> Saved data entries:
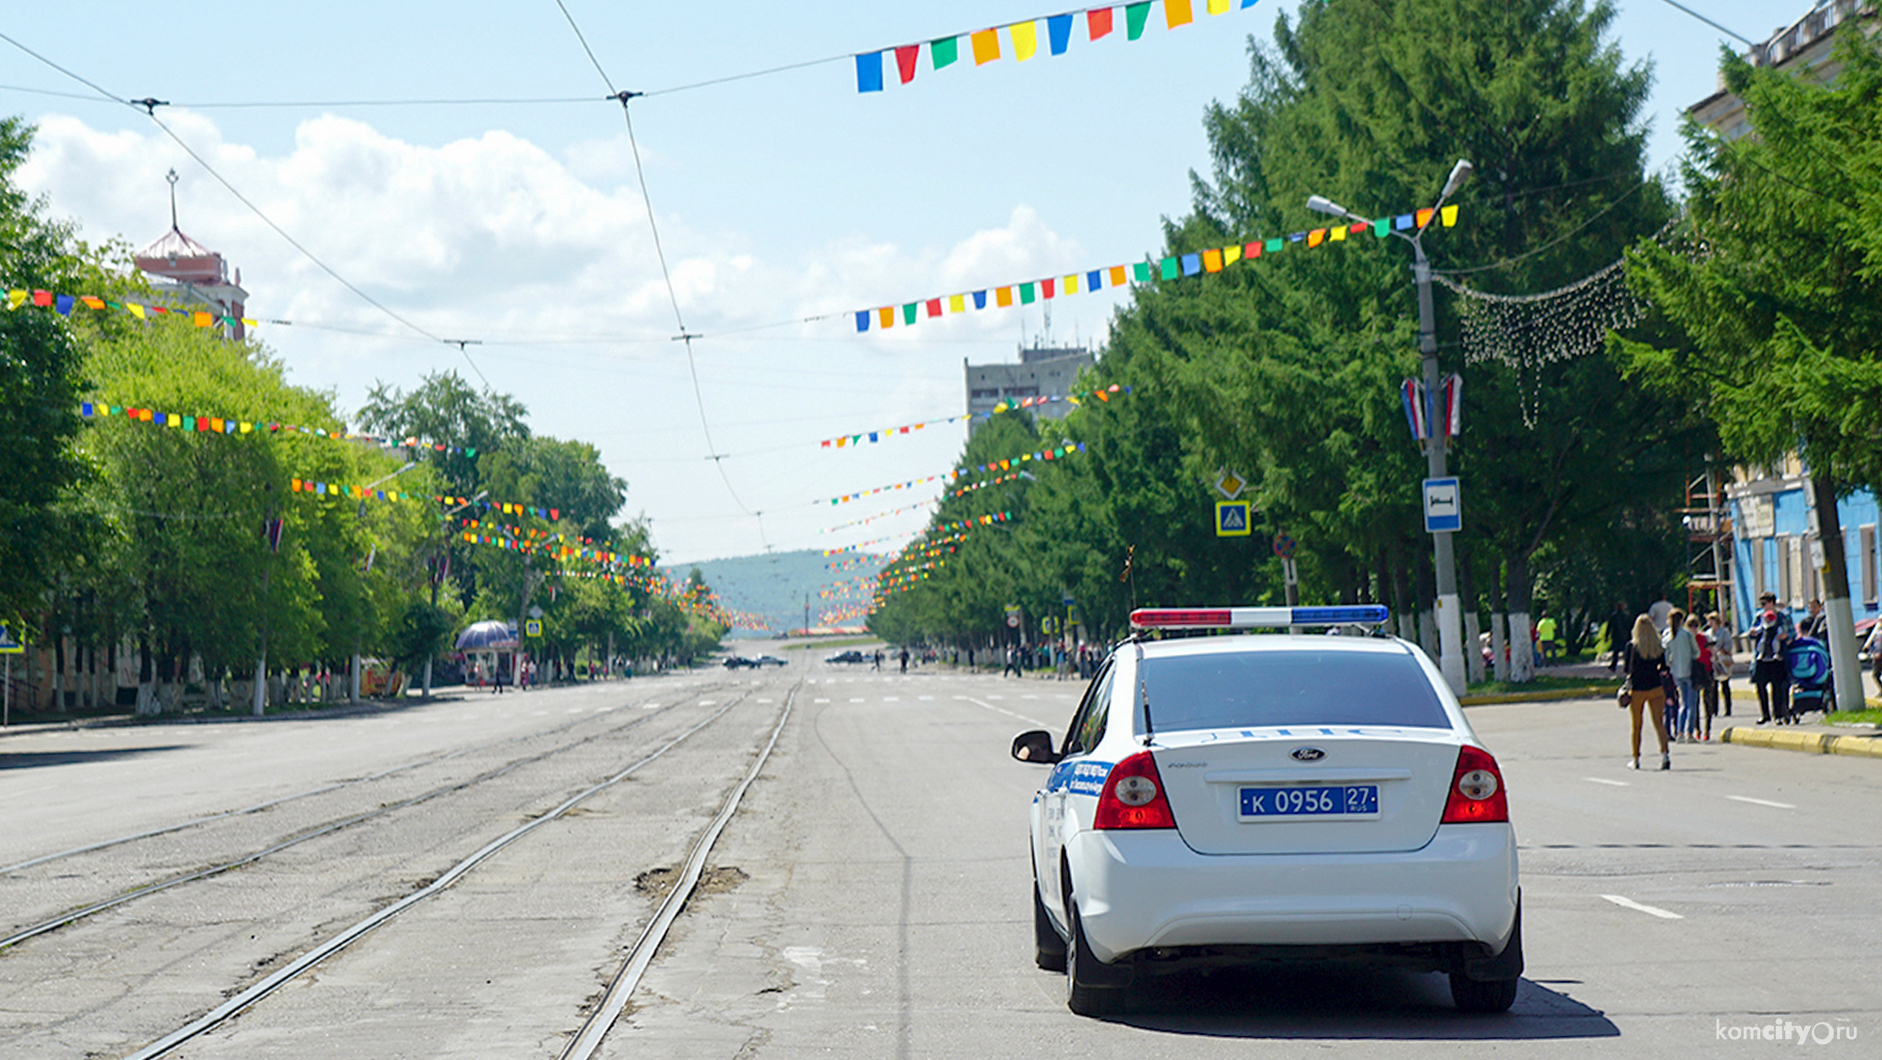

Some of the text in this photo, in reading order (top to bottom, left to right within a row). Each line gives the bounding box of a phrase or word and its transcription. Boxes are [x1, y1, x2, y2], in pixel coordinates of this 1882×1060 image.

[1297, 749, 1320, 760] Ford
[1275, 790, 1333, 813] 0956
[1347, 787, 1369, 805] 27
[1349, 804, 1368, 812] RUS
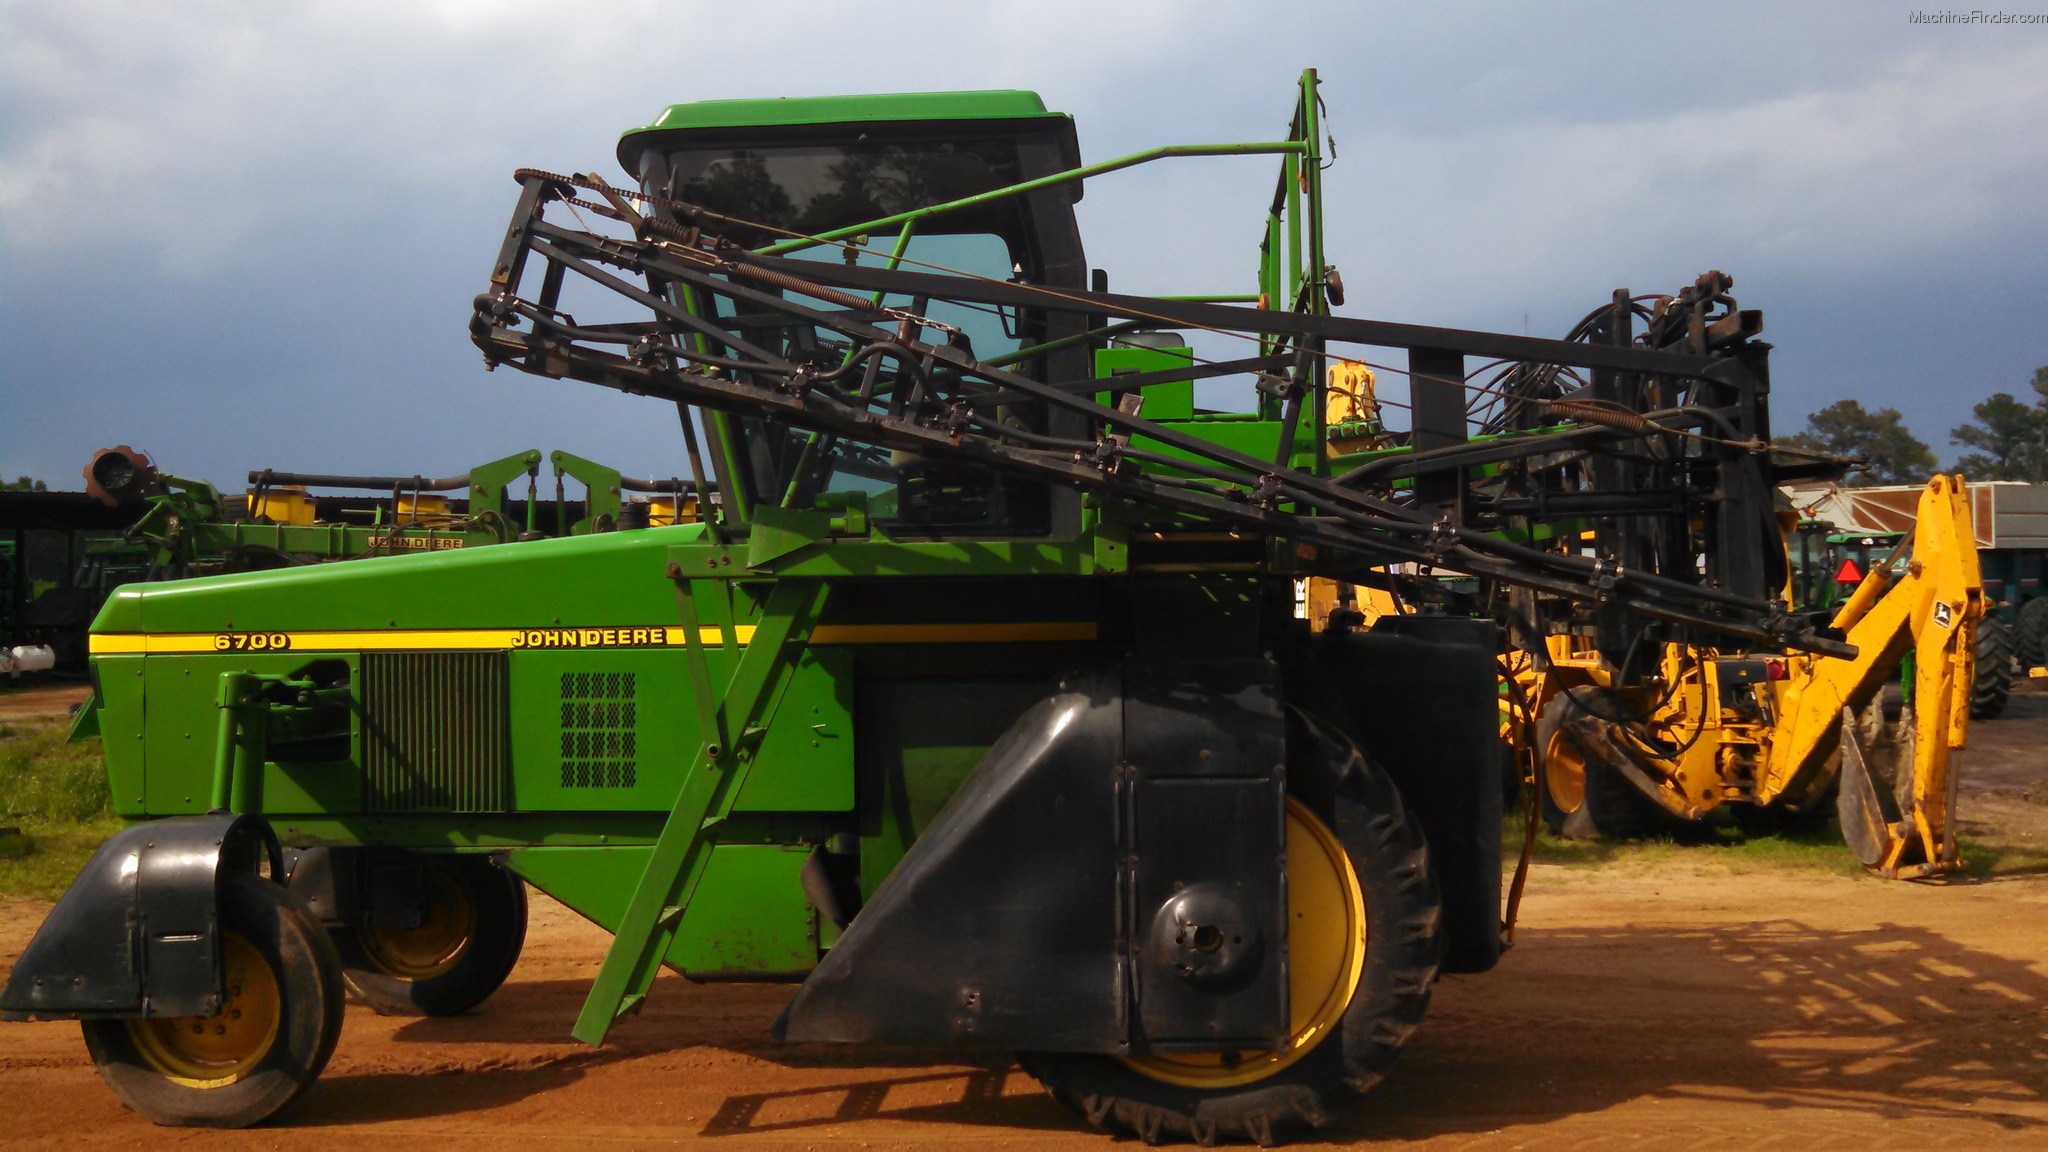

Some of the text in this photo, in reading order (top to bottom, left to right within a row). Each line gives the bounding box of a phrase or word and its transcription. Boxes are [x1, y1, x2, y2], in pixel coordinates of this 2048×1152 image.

[214, 633, 288, 650] 6700
[511, 628, 665, 648] JOHN DEERE
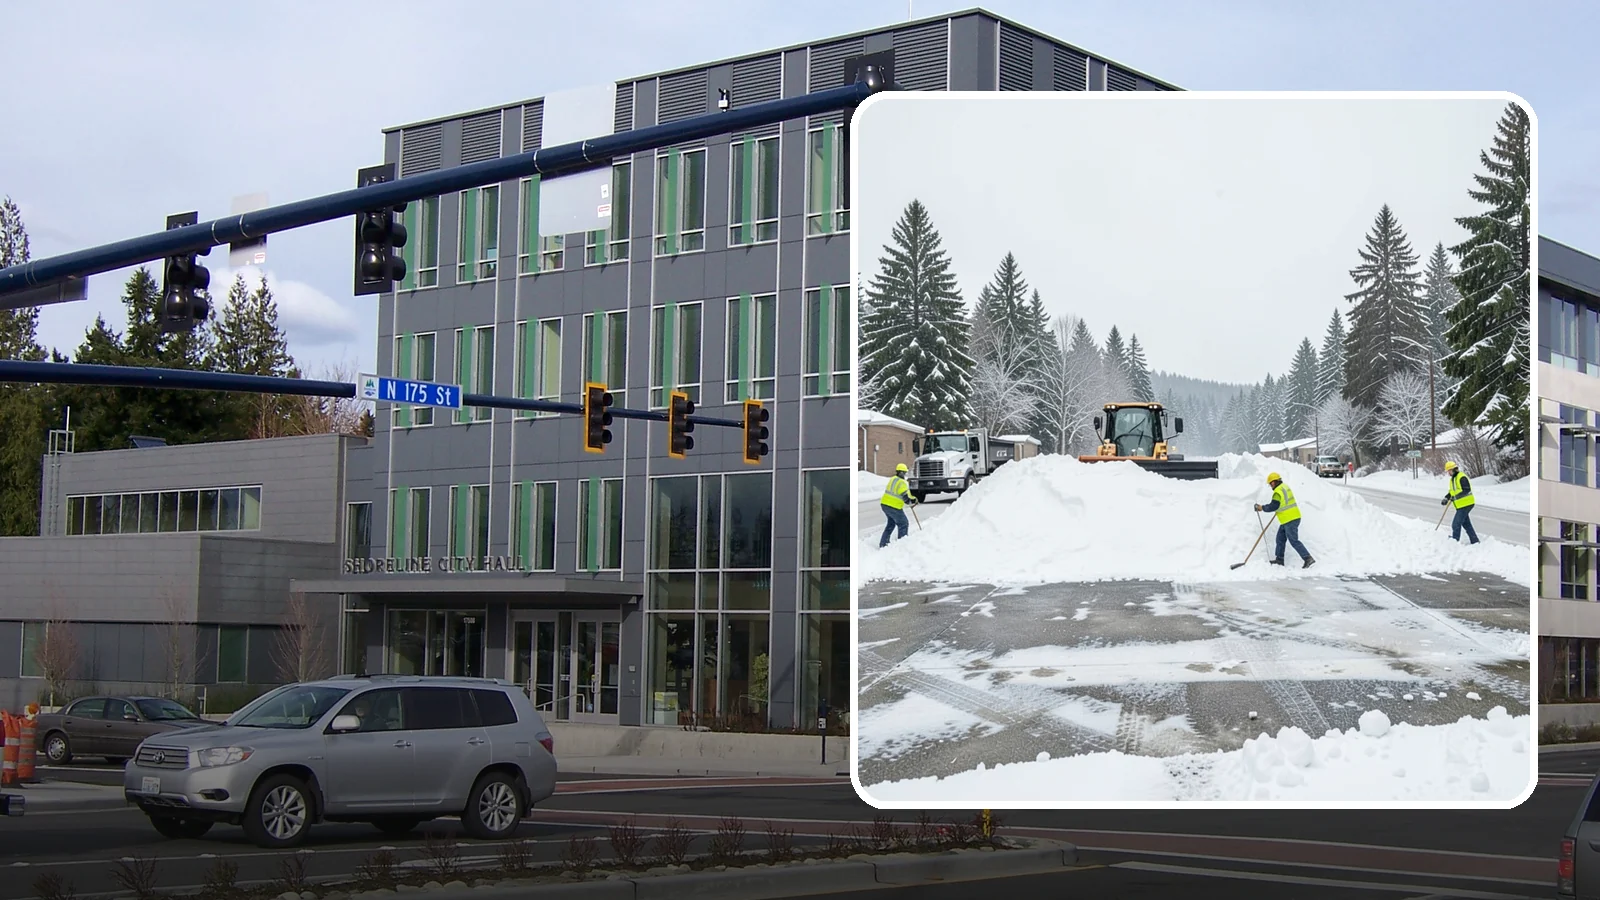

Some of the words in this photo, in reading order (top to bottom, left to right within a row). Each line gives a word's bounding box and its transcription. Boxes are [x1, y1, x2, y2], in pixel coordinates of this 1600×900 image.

[387, 380, 396, 400] N
[405, 382, 427, 403] 175
[436, 386, 451, 406] St
[345, 556, 432, 574] SHORELINE
[438, 556, 477, 573] CITY
[483, 555, 525, 572] HALL
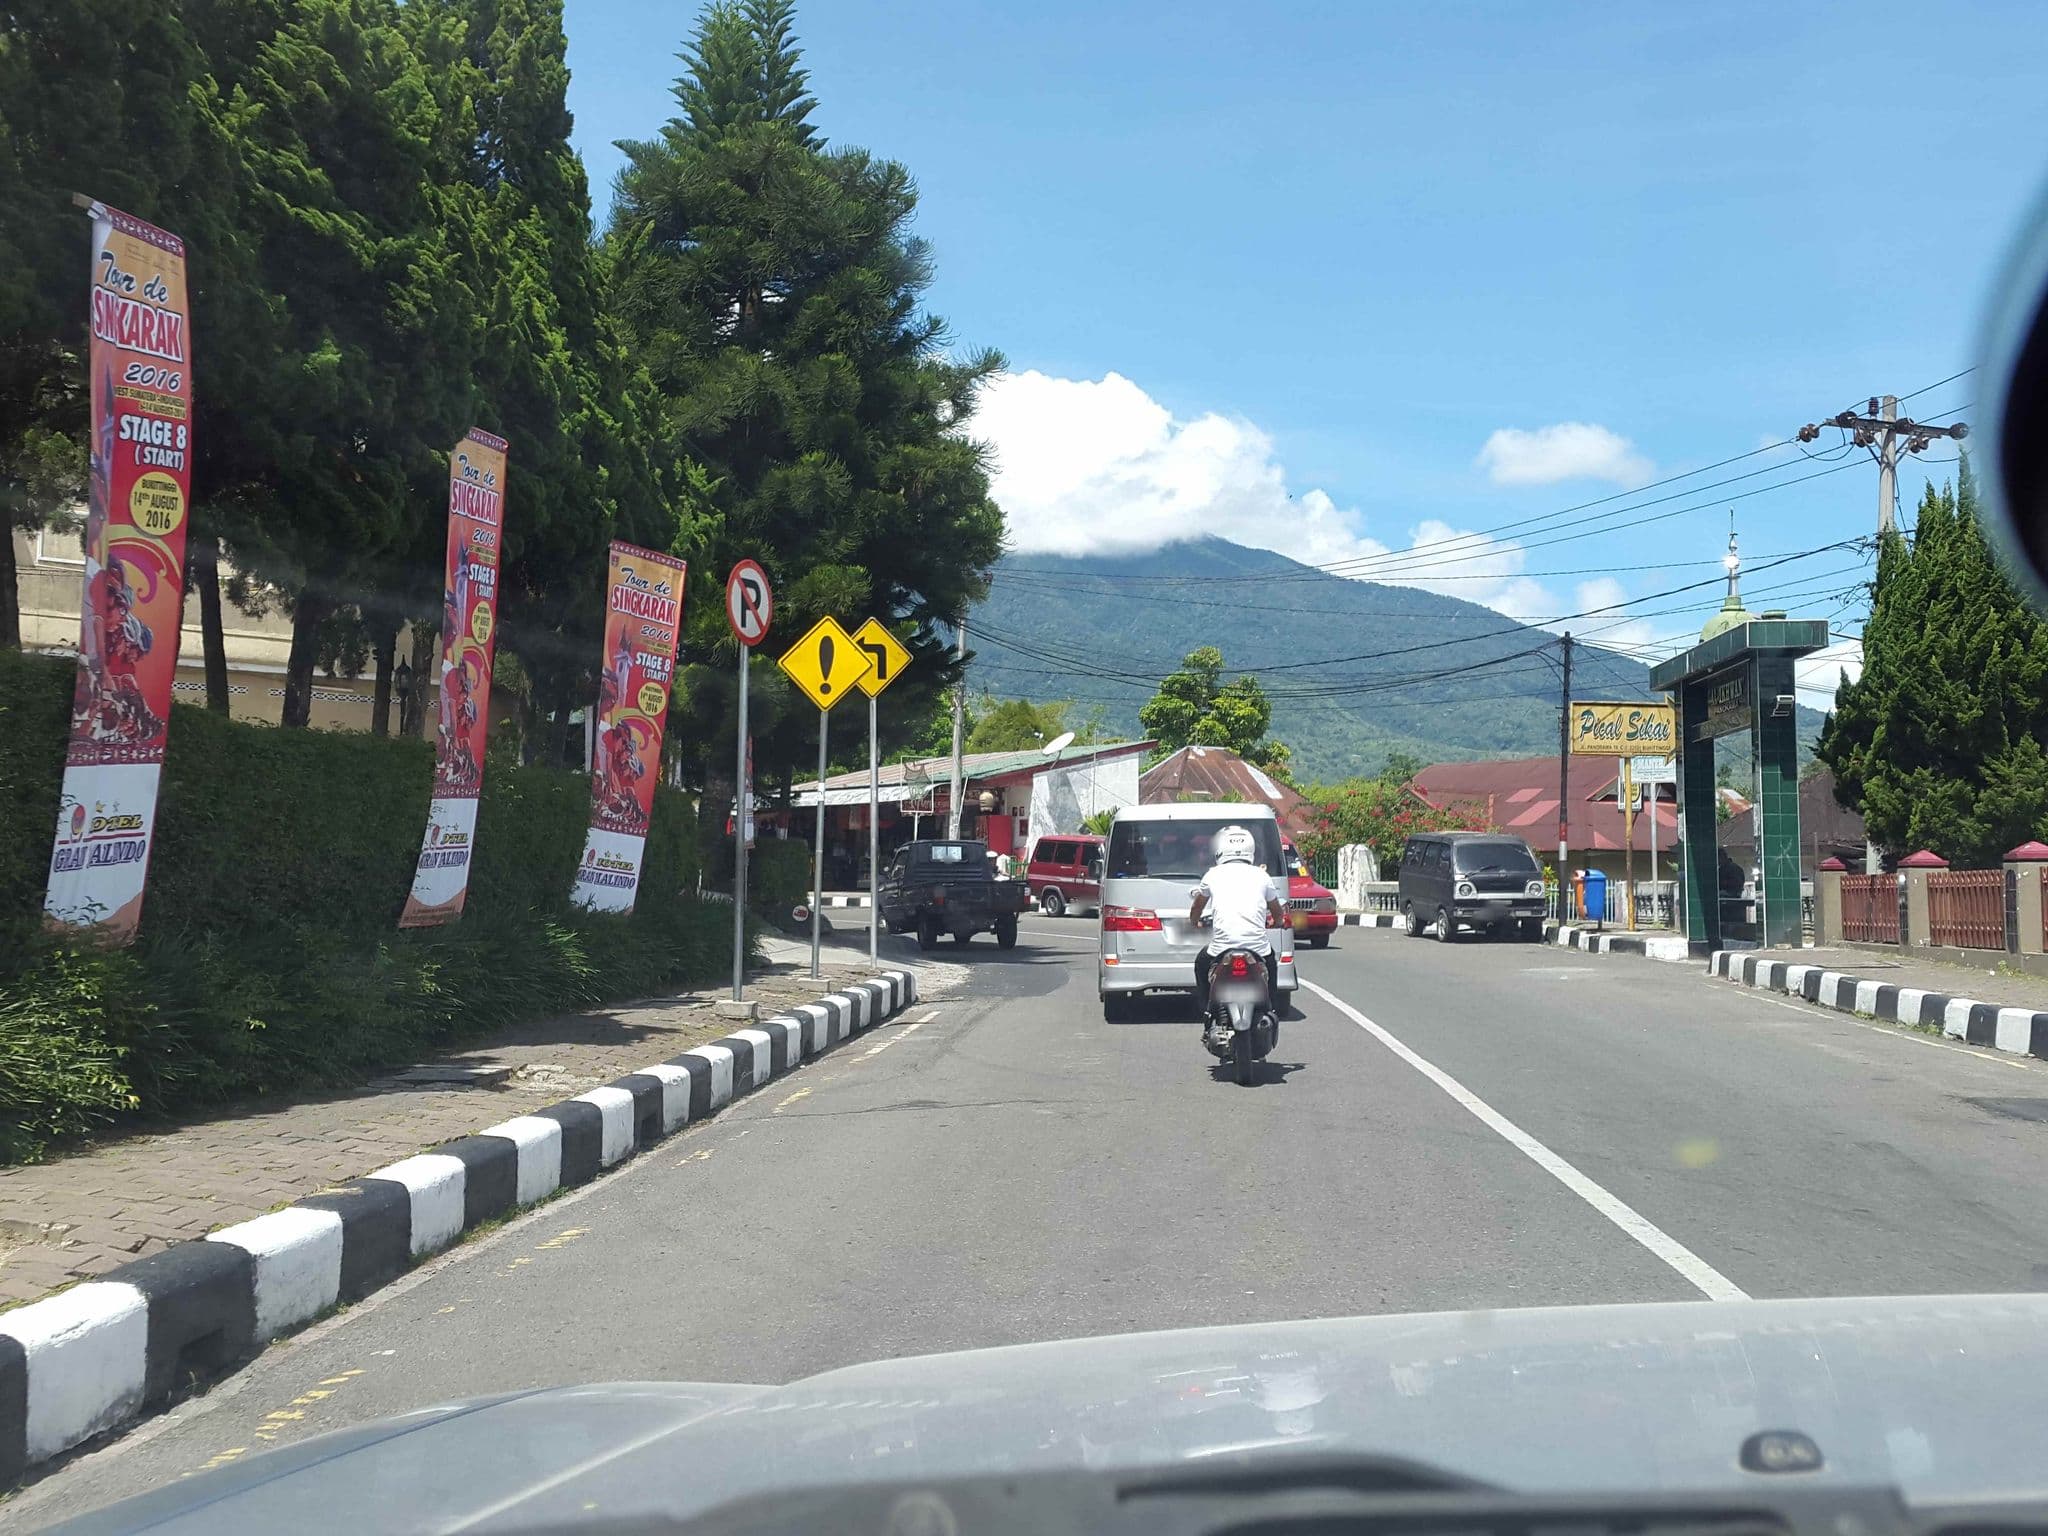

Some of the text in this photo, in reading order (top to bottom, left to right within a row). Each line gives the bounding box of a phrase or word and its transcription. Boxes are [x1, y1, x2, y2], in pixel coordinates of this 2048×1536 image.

> What you need to do: With the pictures left out, give again exactly the lines from the one that contains "this 2048×1152 image." through the final line of the data above.

> Task response:
Some of the text in this photo, in reading order (top to bottom, left to right within a row). Each line gives the bounding box of a phrase or word and its transcription. Boxes are [x1, y1, x2, y2], in pixel coordinates of this 2048×1152 image.

[214, 633, 288, 650] 6700
[511, 628, 665, 648] JOHN DEERE

Some of the words in this photo, in reading order (top to bottom, left to right within a row). Each line gives a word's bounding box and its transcription. Boxes are [x1, y1, x2, y2], in pixel coordinates of this 1600×900 image.

[387, 380, 396, 400] N
[405, 382, 427, 403] 175
[436, 386, 451, 406] St
[345, 556, 432, 574] SHORELINE
[438, 556, 477, 573] CITY
[483, 555, 525, 572] HALL

Some of the text in this photo, in reading order (top to bottom, left to right within a row). Each line gives the bounding box of a phrase or word and its transcription. Boxes are [x1, y1, x2, y2], in pixel coordinates of this 2048×1536 image.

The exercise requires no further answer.